On March 5, 2026, Meta said it will allow rival AI chatbots to access WhatsApp Business in Europe for 12 months after EU antitrust regulators threatened interim measures over an earlier ban. The company will charge competing chatbot providers to use the WhatsApp API and is extending similar policy changes to Brazil following local antitrust and court actions.
This article aggregates reporting from 3 news sources. The TL;DR is AI-generated from original reporting. Race to AGI's analysis provides editorial context on implications for AGI development.
Meta’s decision to reopen WhatsApp to rival AI chatbots is a revealing moment in the platform phase of the AI race. For a few months, Meta looked ready to run a classic “walled garden” play: push Meta AI as the only agent sitting on top of a three‑billion‑user messaging network and use that distribution to box out OpenAI, Anthropic and a long tail of vertical bots.
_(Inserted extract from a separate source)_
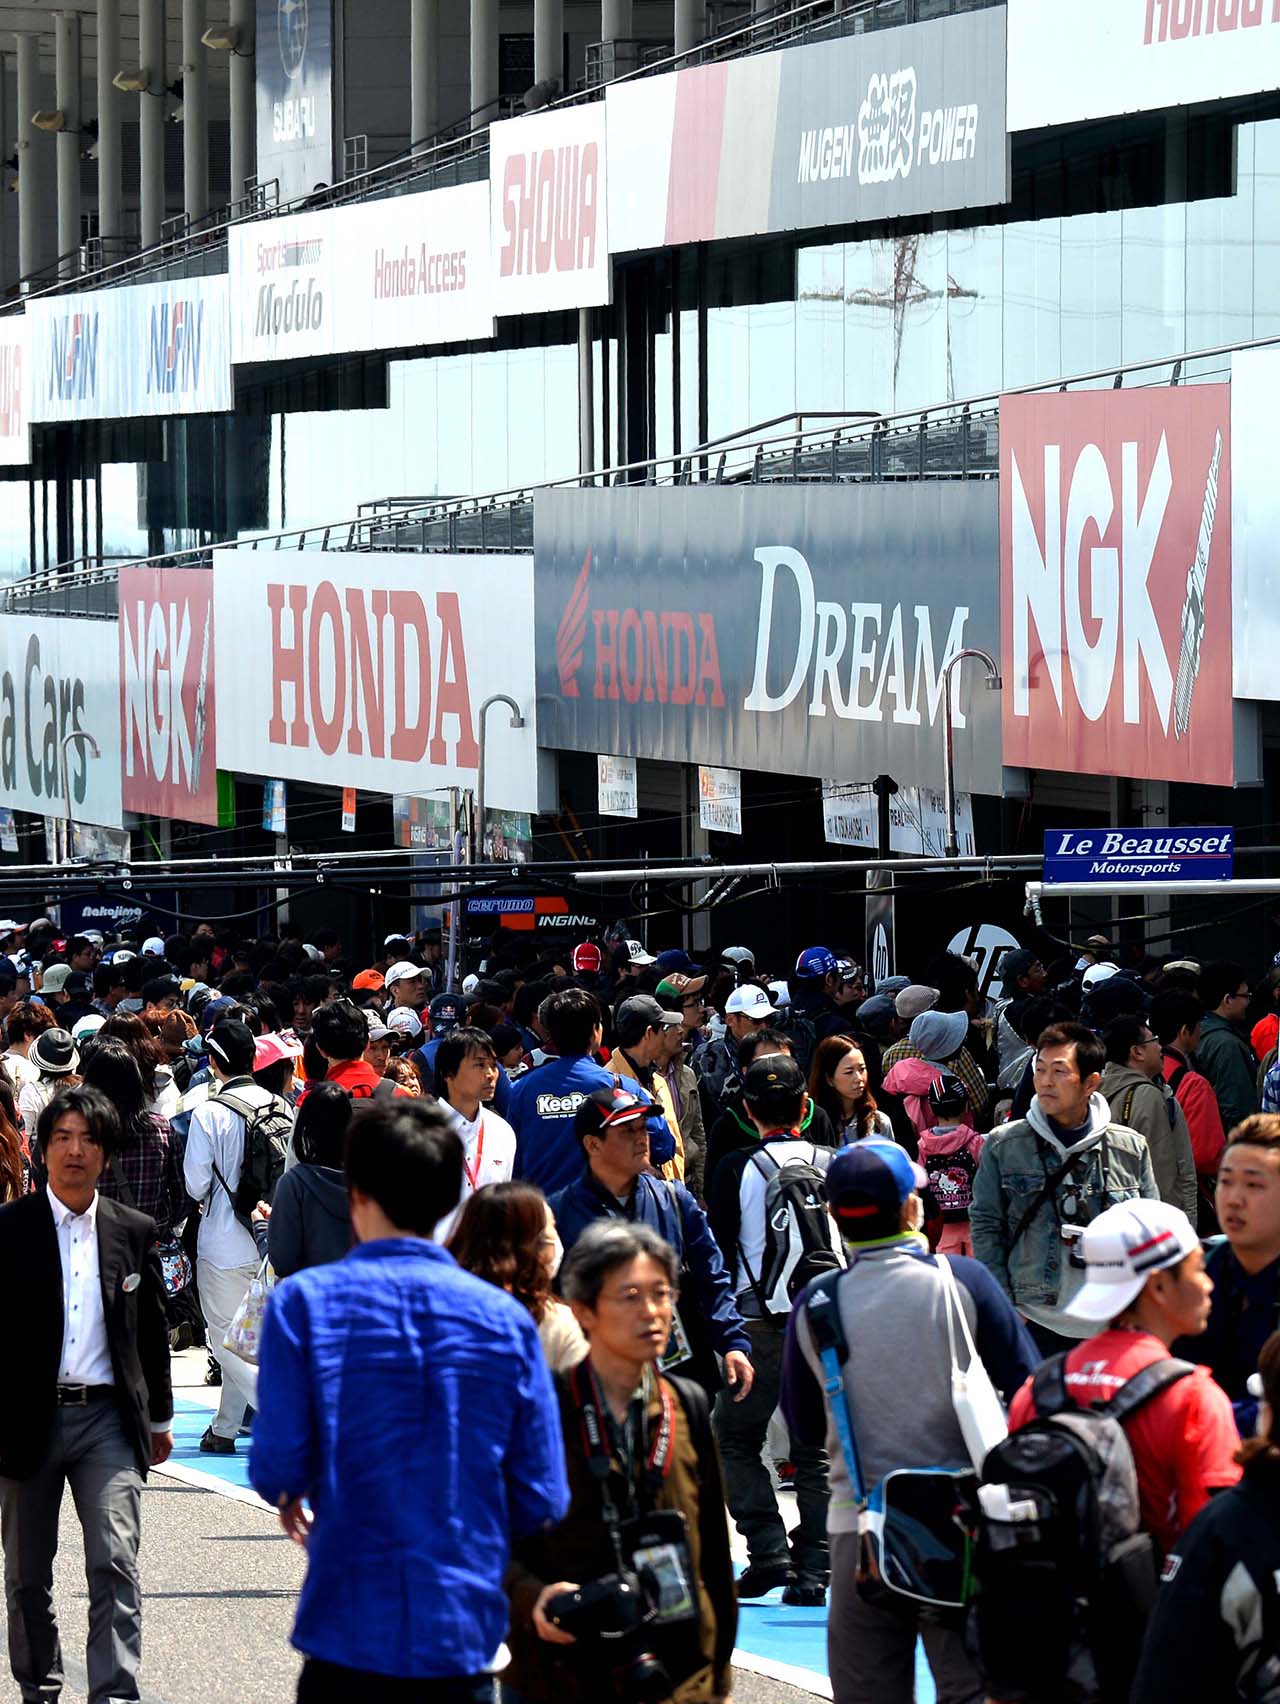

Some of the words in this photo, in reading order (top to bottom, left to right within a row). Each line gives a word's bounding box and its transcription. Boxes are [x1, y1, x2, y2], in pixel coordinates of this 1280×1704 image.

EU and Brazilian antitrust regulators have now forced a partial retreat, at least for a year.
Practically, this opens a massive distribution channel for third‑party agents inside one of the world’s most important communication surfaces. Even with API fees and restrictive terms, the ability for non‑Meta models to live inside WhatsApp keeps the multi‑model ecosystem alive on mobile, rather than allowing a single incumbent to lock in users at the UI layer. Longer term, it’s a reminder that competition law is going to shape not just which AI wins on quality, but who gets to sit closest to the end user.